» Assignment:
Reproduce every record verbatim but drop the pictures.

==================================================

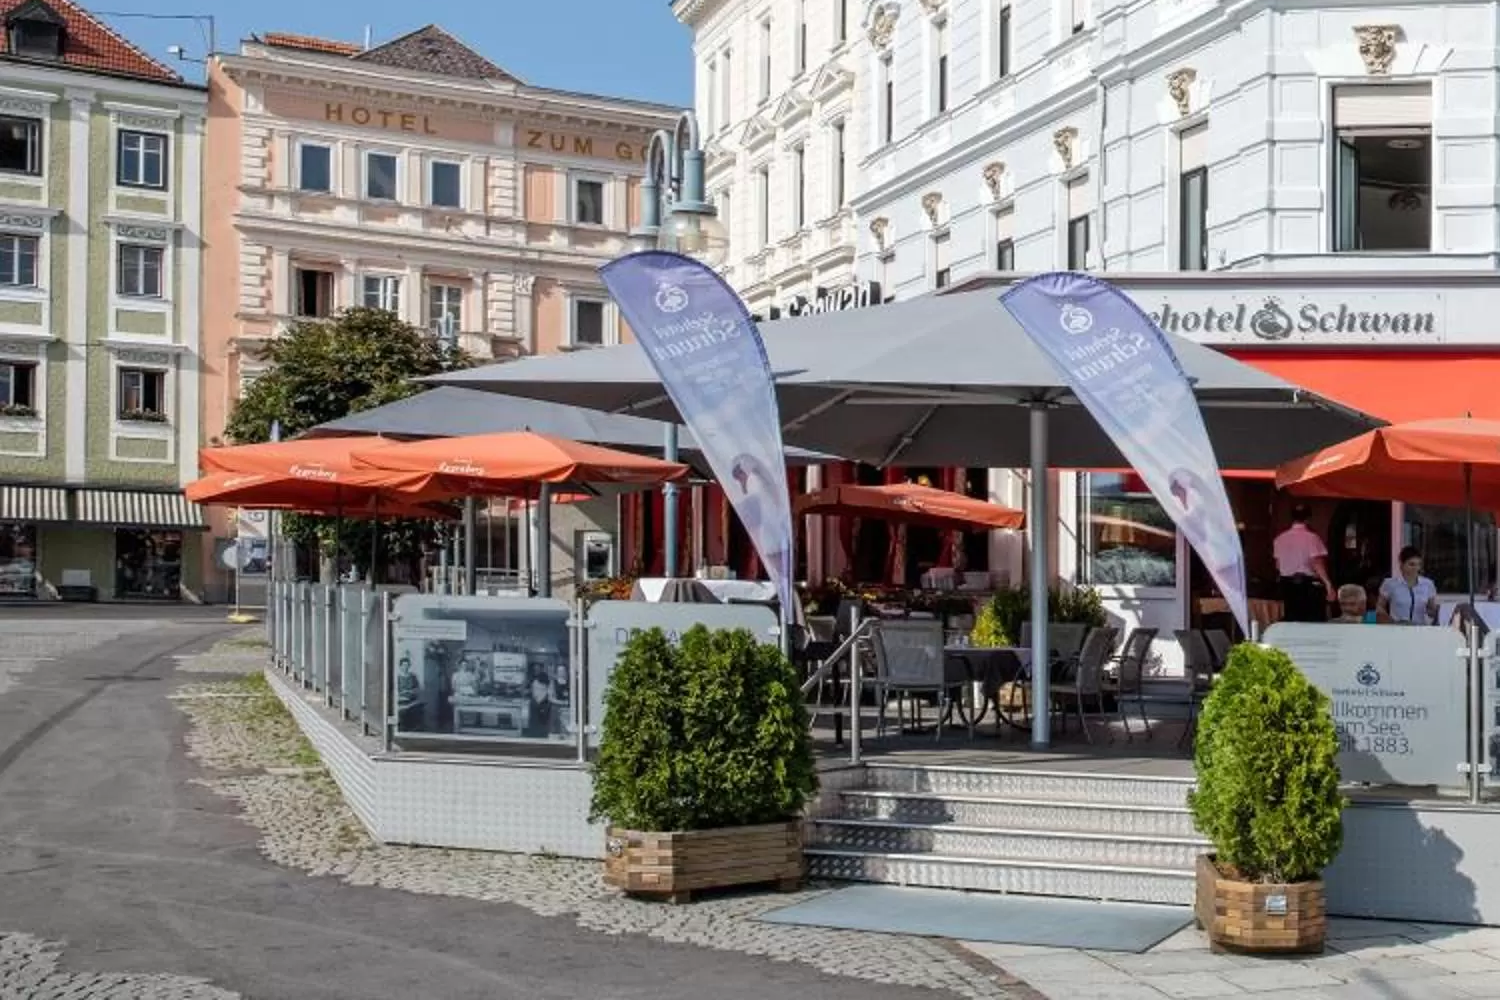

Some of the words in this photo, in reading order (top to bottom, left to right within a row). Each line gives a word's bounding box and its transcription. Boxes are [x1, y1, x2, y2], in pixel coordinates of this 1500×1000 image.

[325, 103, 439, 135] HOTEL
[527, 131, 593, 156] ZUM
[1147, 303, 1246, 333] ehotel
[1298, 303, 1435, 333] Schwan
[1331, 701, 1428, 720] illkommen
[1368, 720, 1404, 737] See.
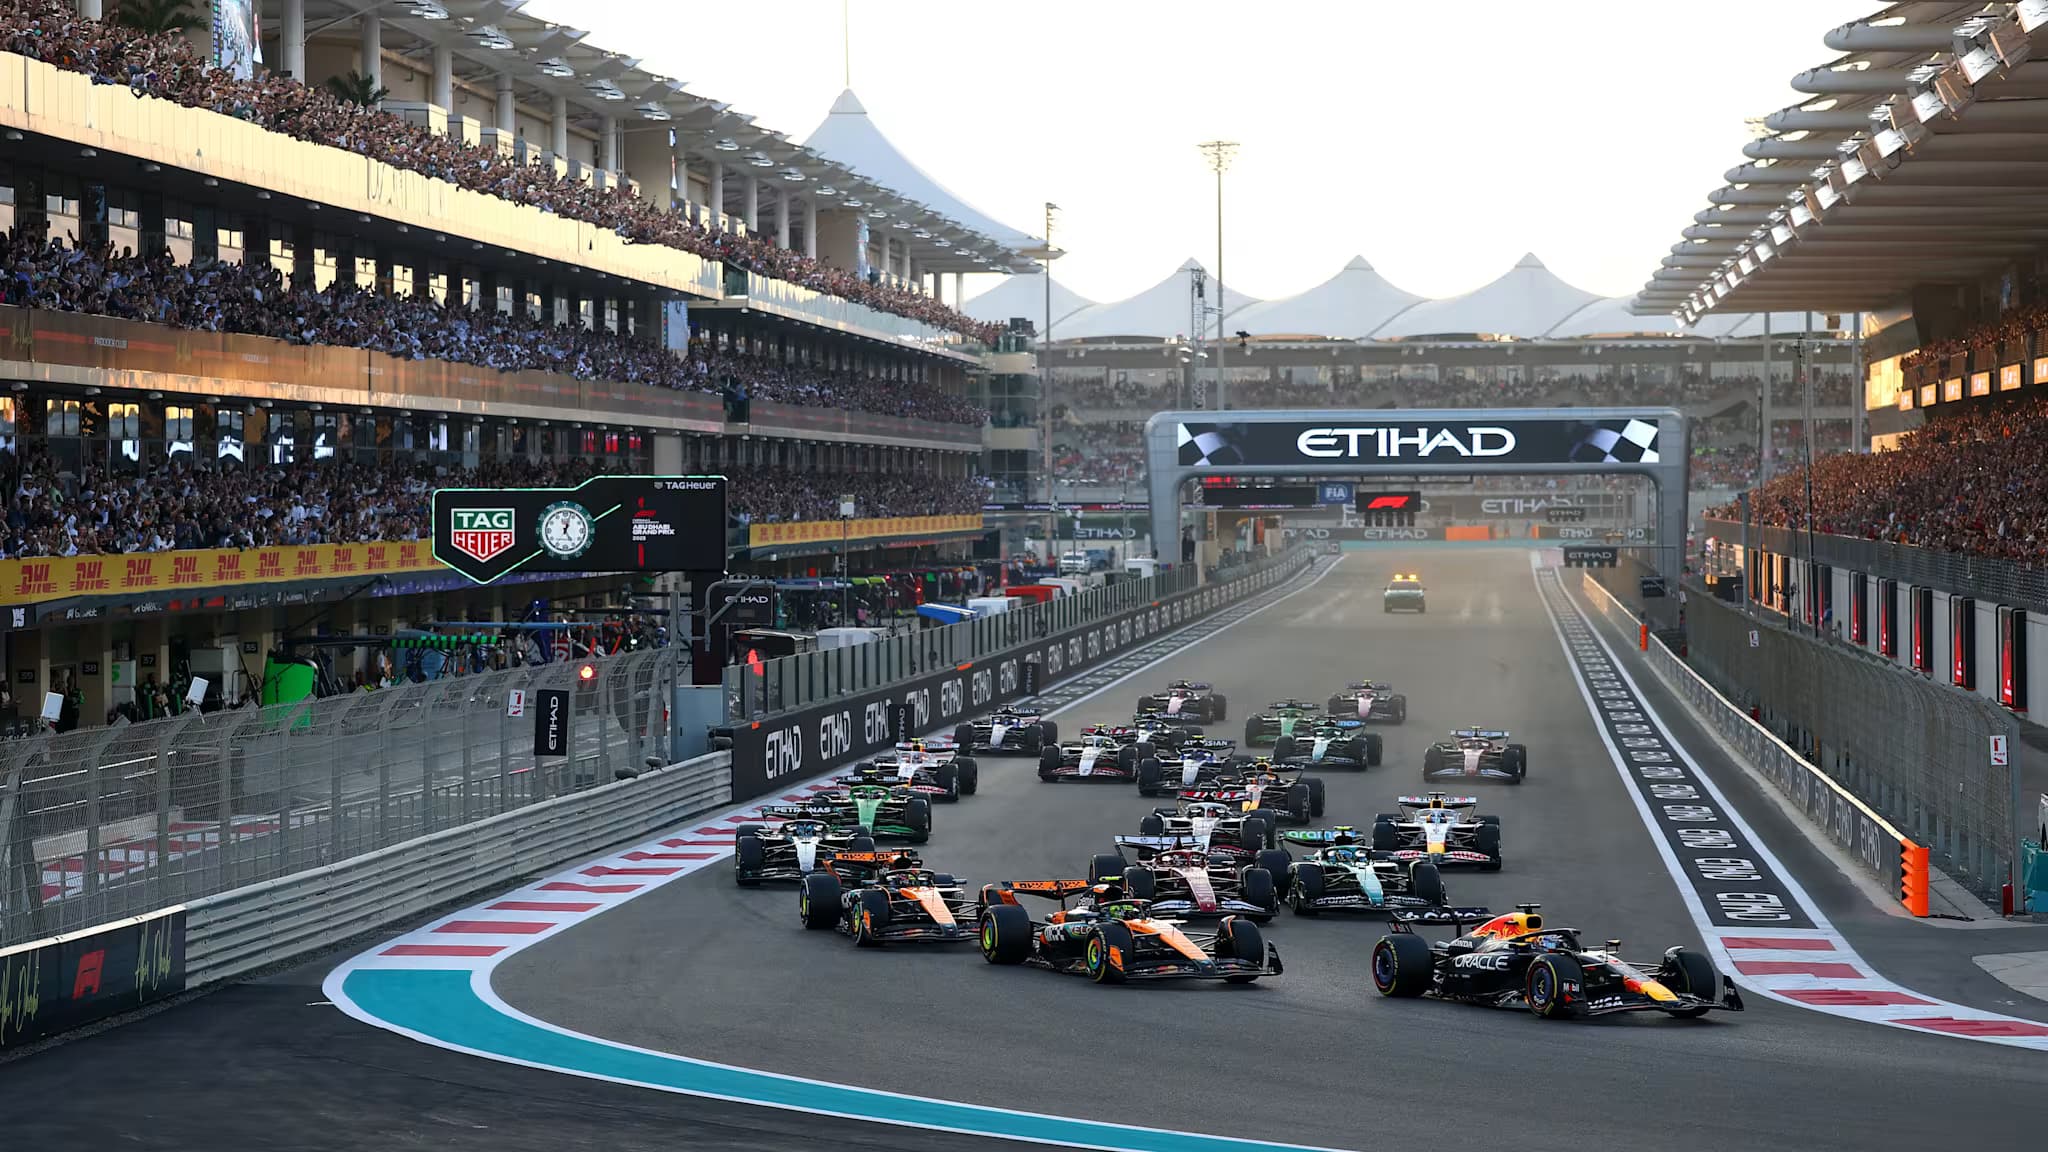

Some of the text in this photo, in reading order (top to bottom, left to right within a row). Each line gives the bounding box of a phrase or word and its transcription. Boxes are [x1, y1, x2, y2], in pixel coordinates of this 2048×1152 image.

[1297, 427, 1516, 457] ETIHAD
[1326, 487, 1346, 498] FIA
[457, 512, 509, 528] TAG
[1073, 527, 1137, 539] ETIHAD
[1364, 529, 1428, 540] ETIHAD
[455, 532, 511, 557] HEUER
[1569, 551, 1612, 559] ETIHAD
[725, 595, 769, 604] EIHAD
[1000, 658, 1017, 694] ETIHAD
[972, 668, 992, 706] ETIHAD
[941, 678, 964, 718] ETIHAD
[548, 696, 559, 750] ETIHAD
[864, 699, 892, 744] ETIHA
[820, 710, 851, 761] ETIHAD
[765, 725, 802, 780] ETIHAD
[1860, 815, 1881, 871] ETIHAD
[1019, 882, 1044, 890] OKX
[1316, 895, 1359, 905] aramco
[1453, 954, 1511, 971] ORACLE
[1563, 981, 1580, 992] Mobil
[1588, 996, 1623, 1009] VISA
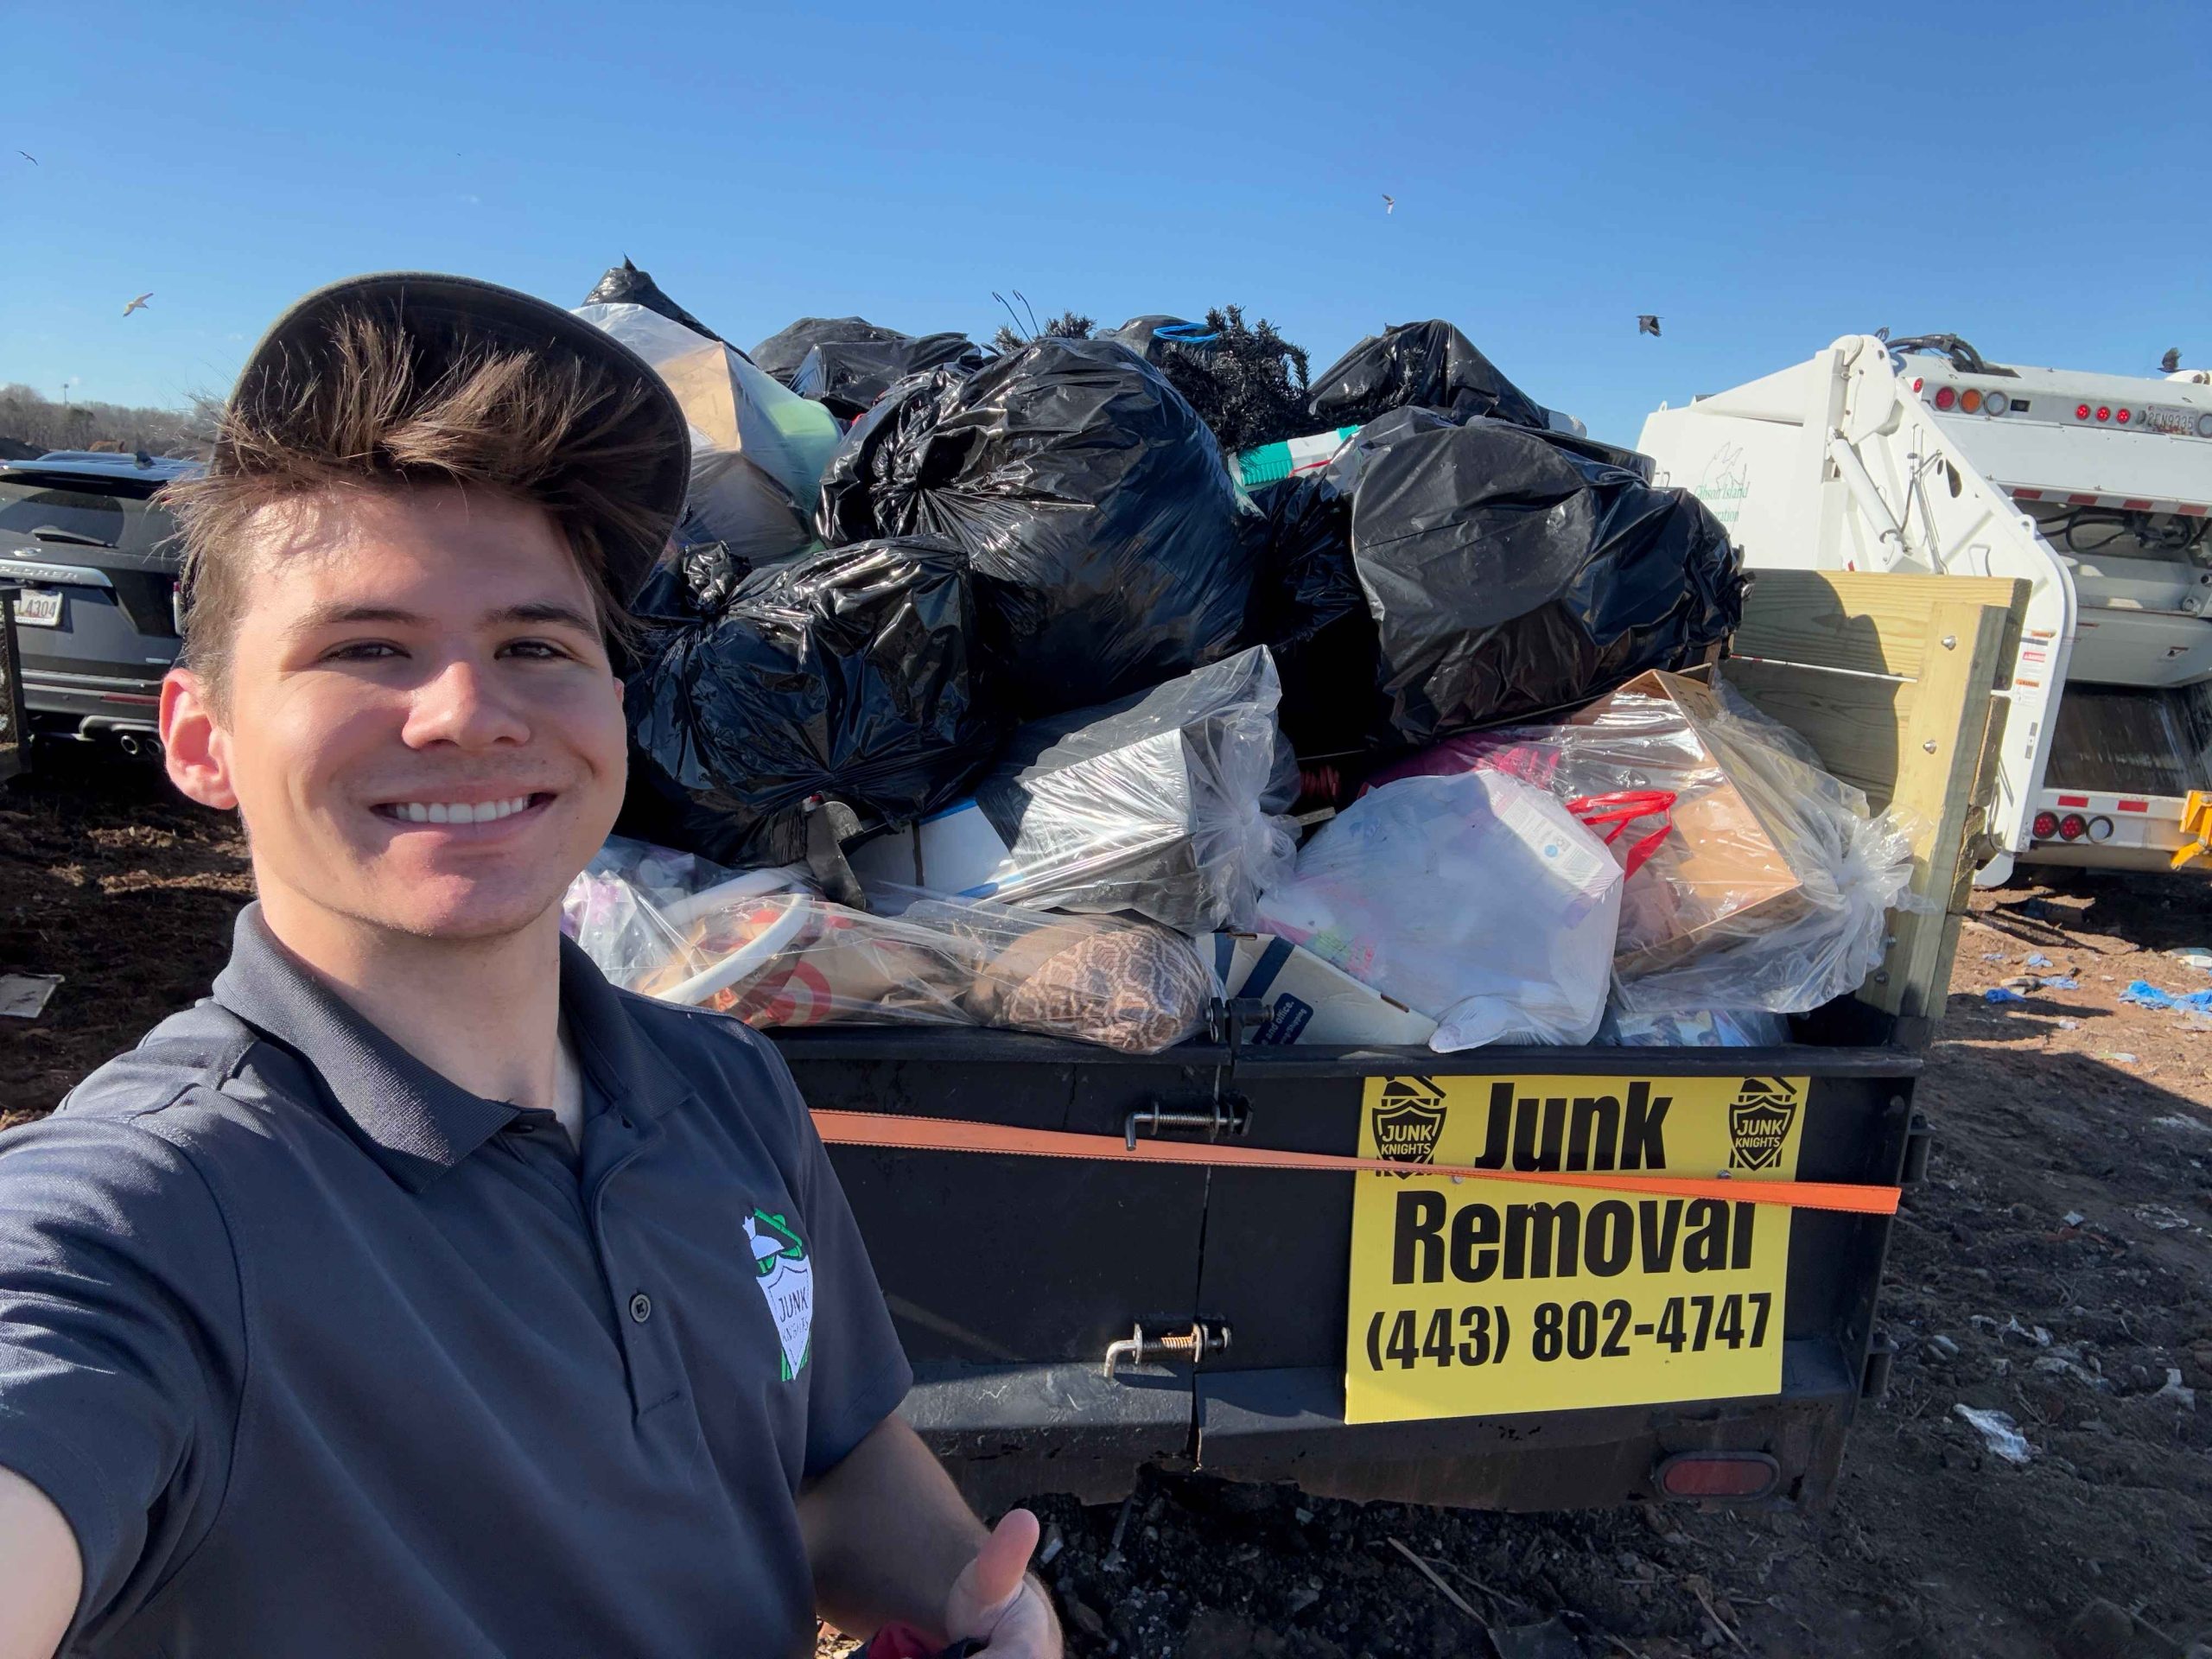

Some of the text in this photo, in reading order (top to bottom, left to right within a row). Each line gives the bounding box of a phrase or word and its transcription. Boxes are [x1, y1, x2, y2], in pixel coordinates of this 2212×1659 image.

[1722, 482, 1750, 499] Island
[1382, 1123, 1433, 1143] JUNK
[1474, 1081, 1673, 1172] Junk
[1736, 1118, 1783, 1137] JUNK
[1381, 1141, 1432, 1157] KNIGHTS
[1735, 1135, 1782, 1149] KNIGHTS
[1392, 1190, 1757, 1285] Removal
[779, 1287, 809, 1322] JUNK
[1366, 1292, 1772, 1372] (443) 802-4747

==================================================

» Exercise solution:
Some of the words in this photo, in reading order (top to bottom, left to right within a row). Each line gives a word's bounding box and its transcription. Boxes are [x1, y1, x2, y2], in pixel coordinates of this 1500×1000 image.

[325, 103, 439, 135] HOTEL
[527, 131, 593, 156] ZUM
[1147, 303, 1246, 333] ehotel
[1298, 303, 1435, 333] Schwan
[1331, 701, 1428, 720] illkommen
[1368, 720, 1404, 737] See.

Some of the text in this photo, in reading order (top to bottom, left to right within a row). Each line gives the bounding box of a phrase or word and its transcription. Boxes are [x1, y1, x2, y2], in pixel coordinates of this 2048×1152 image.

[1297, 427, 1516, 457] ETIHAD
[1326, 487, 1346, 498] FIA
[457, 512, 509, 528] TAG
[1073, 527, 1137, 539] ETIHAD
[1364, 529, 1428, 540] ETIHAD
[455, 532, 511, 557] HEUER
[1569, 551, 1612, 559] ETIHAD
[725, 595, 769, 604] EIHAD
[1000, 658, 1017, 694] ETIHAD
[972, 668, 992, 706] ETIHAD
[941, 678, 964, 718] ETIHAD
[548, 696, 559, 750] ETIHAD
[864, 699, 892, 744] ETIHA
[820, 710, 851, 761] ETIHAD
[765, 725, 802, 780] ETIHAD
[1860, 815, 1881, 871] ETIHAD
[1019, 882, 1044, 890] OKX
[1316, 895, 1359, 905] aramco
[1453, 954, 1511, 971] ORACLE
[1563, 981, 1580, 992] Mobil
[1588, 996, 1623, 1009] VISA

Some of the text in this photo, in reading order (top to bottom, left to right within a row). Each line gives the bounding box of a phrase or word and its transcription. Boxes are [x1, y1, x2, y2], in pixel coordinates of this 2212×1659 image.

[1722, 482, 1750, 499] Island
[1382, 1123, 1433, 1143] JUNK
[1474, 1081, 1673, 1172] Junk
[1736, 1118, 1783, 1137] JUNK
[1381, 1141, 1432, 1157] KNIGHTS
[1735, 1135, 1782, 1149] KNIGHTS
[1392, 1190, 1757, 1285] Removal
[779, 1287, 809, 1322] JUNK
[1366, 1292, 1772, 1372] (443) 802-4747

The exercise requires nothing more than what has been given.